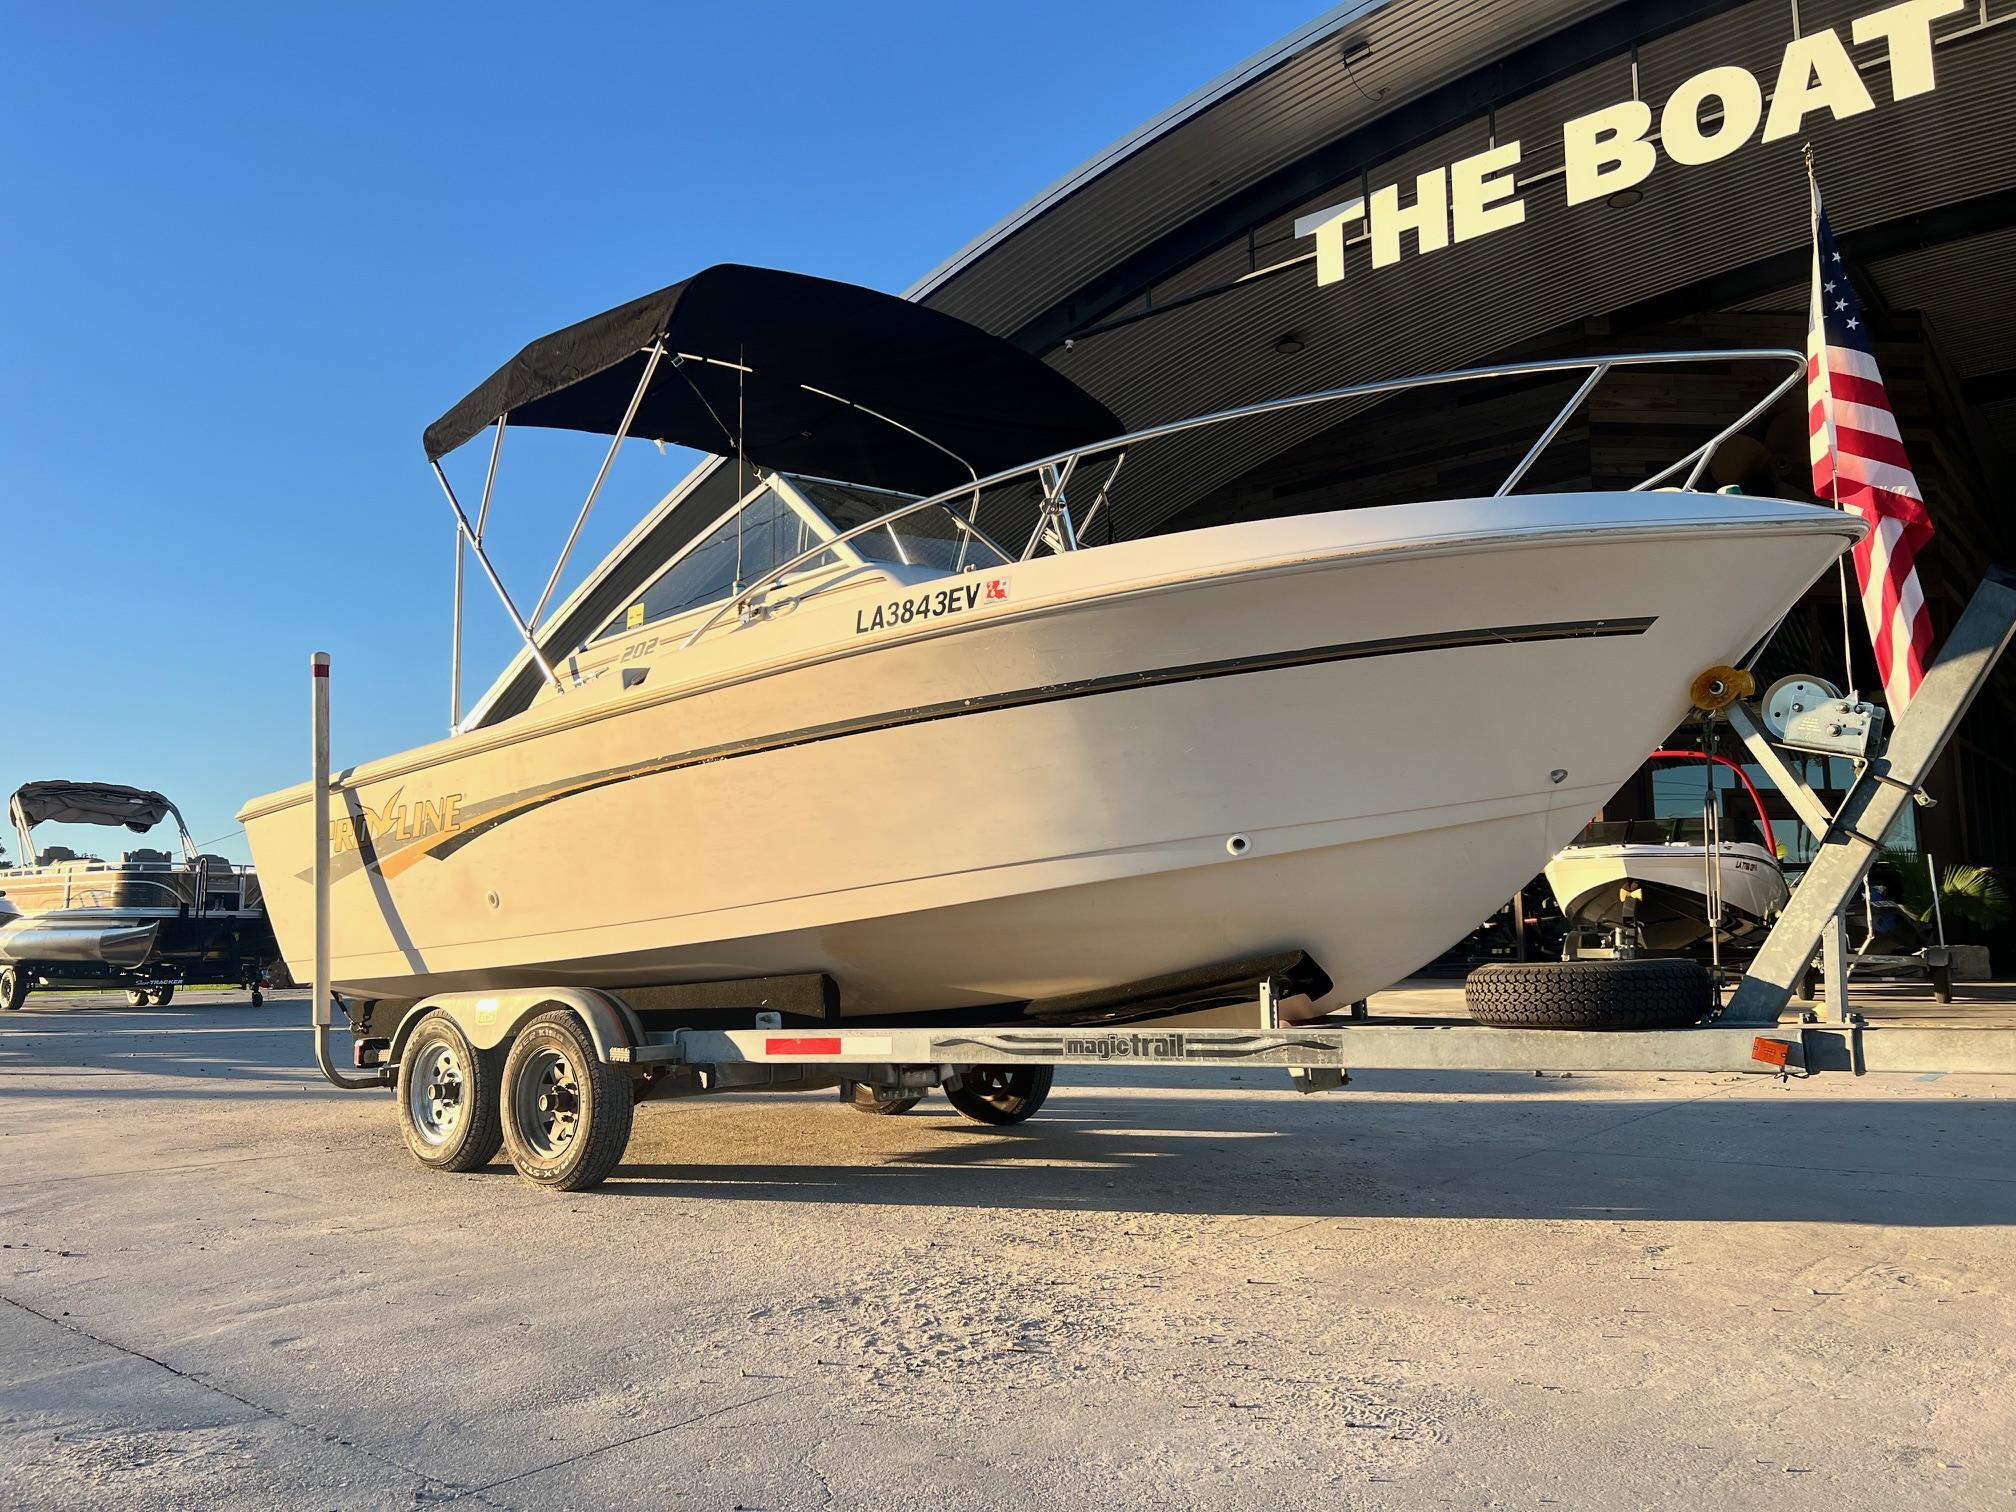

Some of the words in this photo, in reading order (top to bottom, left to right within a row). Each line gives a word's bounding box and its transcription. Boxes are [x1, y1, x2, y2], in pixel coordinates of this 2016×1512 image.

[1294, 140, 1526, 288] THE
[1563, 0, 1965, 207] BOAT
[856, 582, 981, 634] LA3843EV
[620, 636, 659, 663] 202
[1066, 1033, 1184, 1061] magictrail

== Task ==
The result should be the material above, unchanged and free of pictures; please print it.

== Your response ==
Some of the words in this photo, in reading order (top to bottom, left to right within a row). Each line gives a word's bounding box and its transcription. Boxes are [x1, y1, x2, y2], in pixel coordinates of this 2016×1512 image.

[1294, 140, 1526, 288] THE
[1563, 0, 1965, 207] BOAT
[856, 582, 981, 634] LA3843EV
[620, 636, 659, 663] 202
[1066, 1033, 1184, 1061] magictrail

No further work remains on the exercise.